= Beginning of Section =

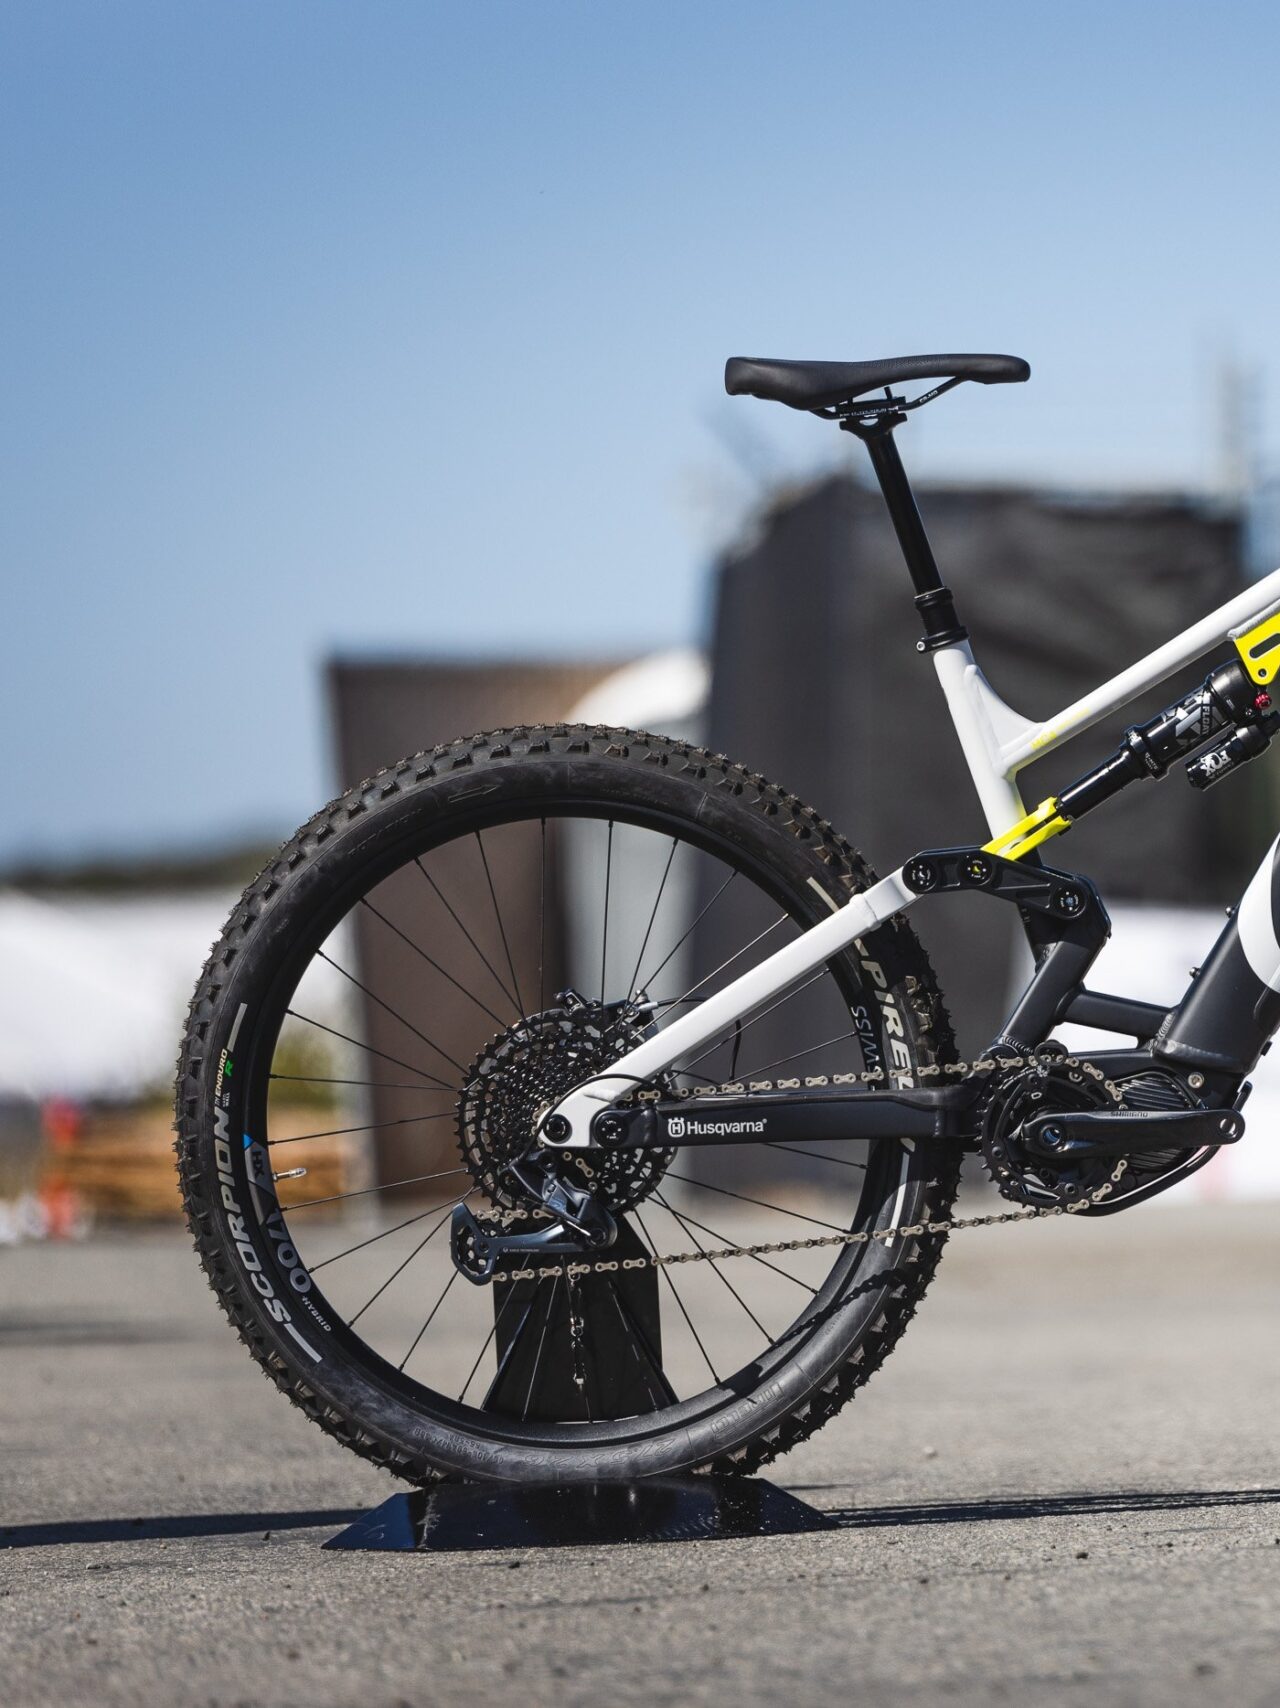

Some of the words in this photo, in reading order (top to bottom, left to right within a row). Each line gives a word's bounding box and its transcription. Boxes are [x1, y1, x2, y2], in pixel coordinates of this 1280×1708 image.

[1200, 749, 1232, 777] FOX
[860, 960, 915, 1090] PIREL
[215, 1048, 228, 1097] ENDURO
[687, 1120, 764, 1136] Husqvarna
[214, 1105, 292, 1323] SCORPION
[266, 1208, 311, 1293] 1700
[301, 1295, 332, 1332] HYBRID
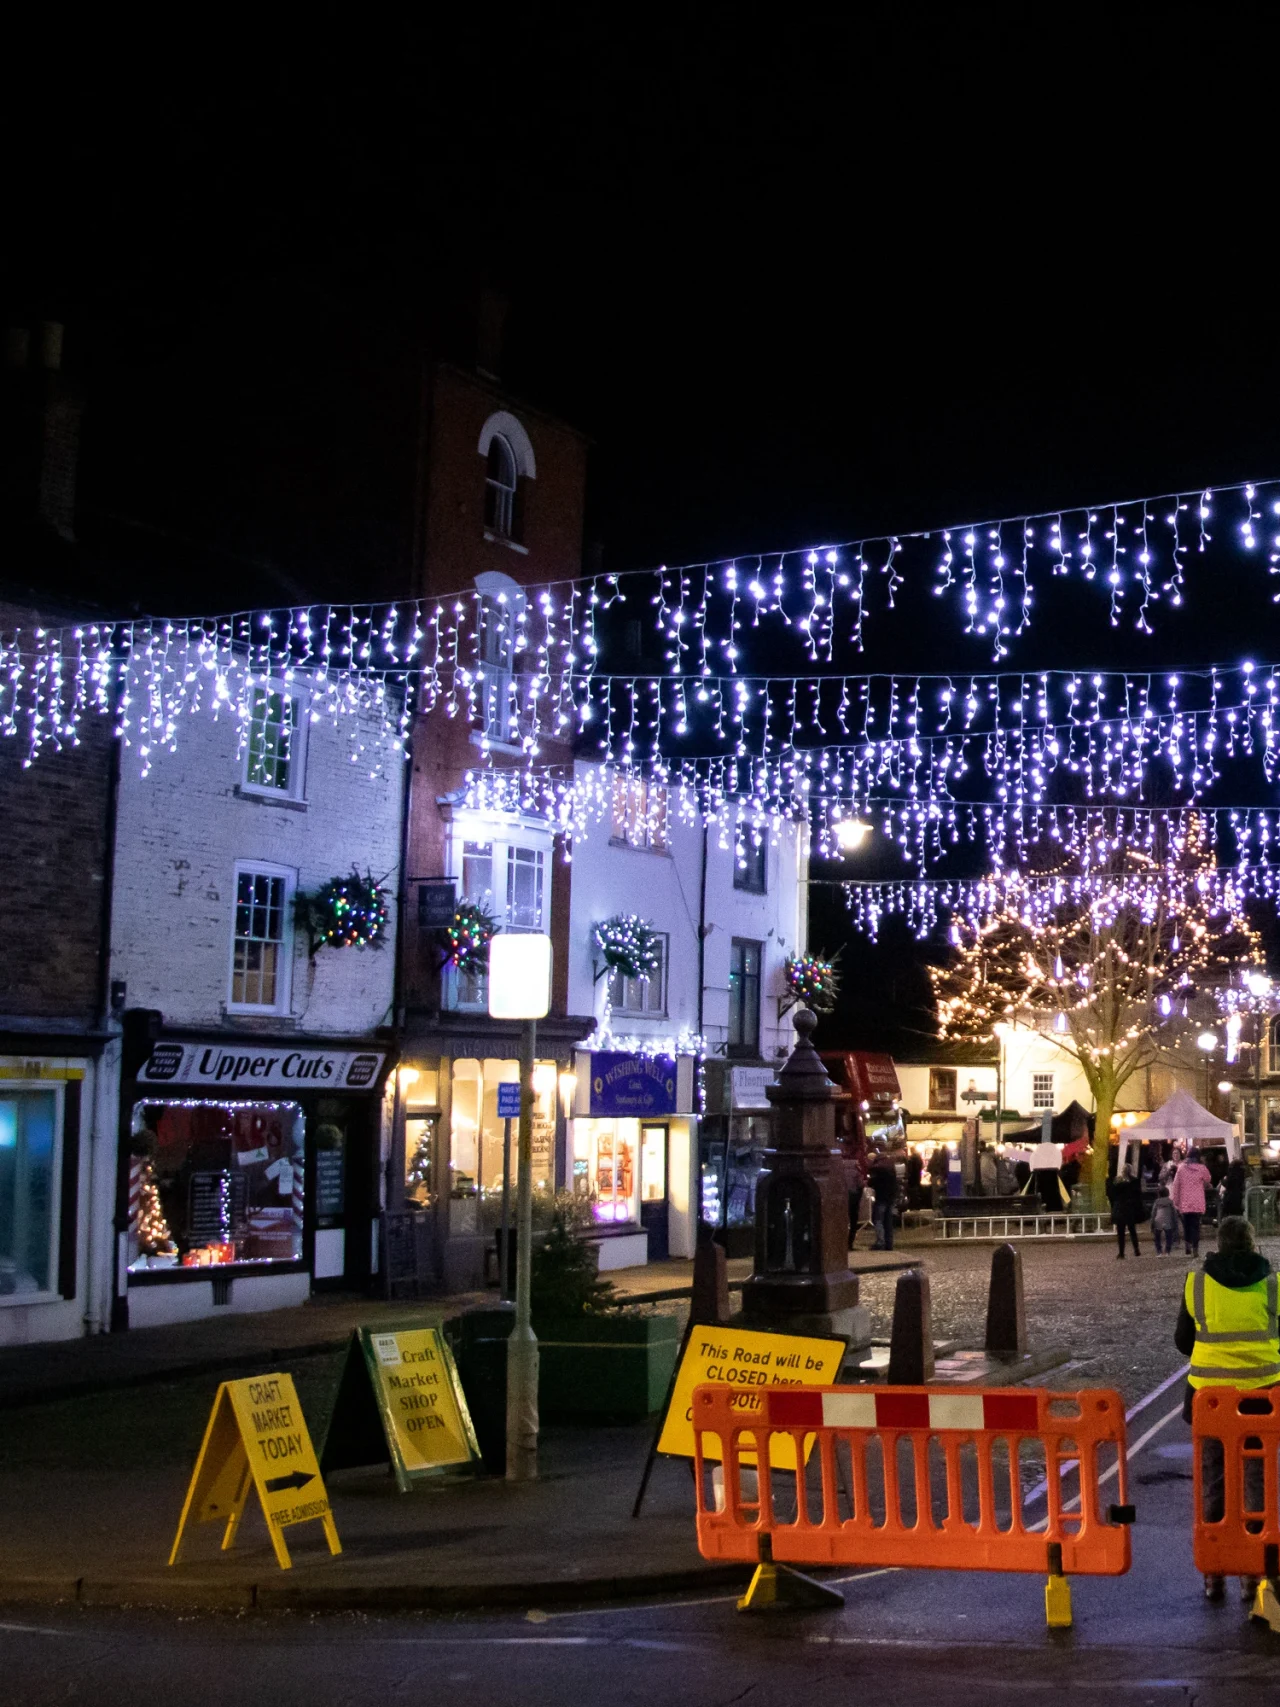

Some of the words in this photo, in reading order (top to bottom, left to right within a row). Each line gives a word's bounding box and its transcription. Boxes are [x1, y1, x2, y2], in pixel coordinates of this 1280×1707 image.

= End of Section =

### ABOUT THIS EXERCISE
Return to the listing above and set it down exactly, leaving out its pictures.

### SOLUTION
Some of the words in this photo, in reading order (top to bottom, left to right within a row). Each line gives a word's bounding box and its transcription. Boxes are [x1, y1, x2, y2], in pixel coordinates of this 1280×1708 image.

[1200, 749, 1232, 777] FOX
[860, 960, 915, 1090] PIREL
[215, 1048, 228, 1097] ENDURO
[687, 1120, 764, 1136] Husqvarna
[214, 1105, 292, 1323] SCORPION
[266, 1208, 311, 1293] 1700
[301, 1295, 332, 1332] HYBRID

Some of the words in this photo, in reading order (top to bottom, left to right within a row). Each line gives a word's bounding box and its transcription. Boxes are [x1, y1, x2, y2], in pixel coordinates of this 1280×1707 image.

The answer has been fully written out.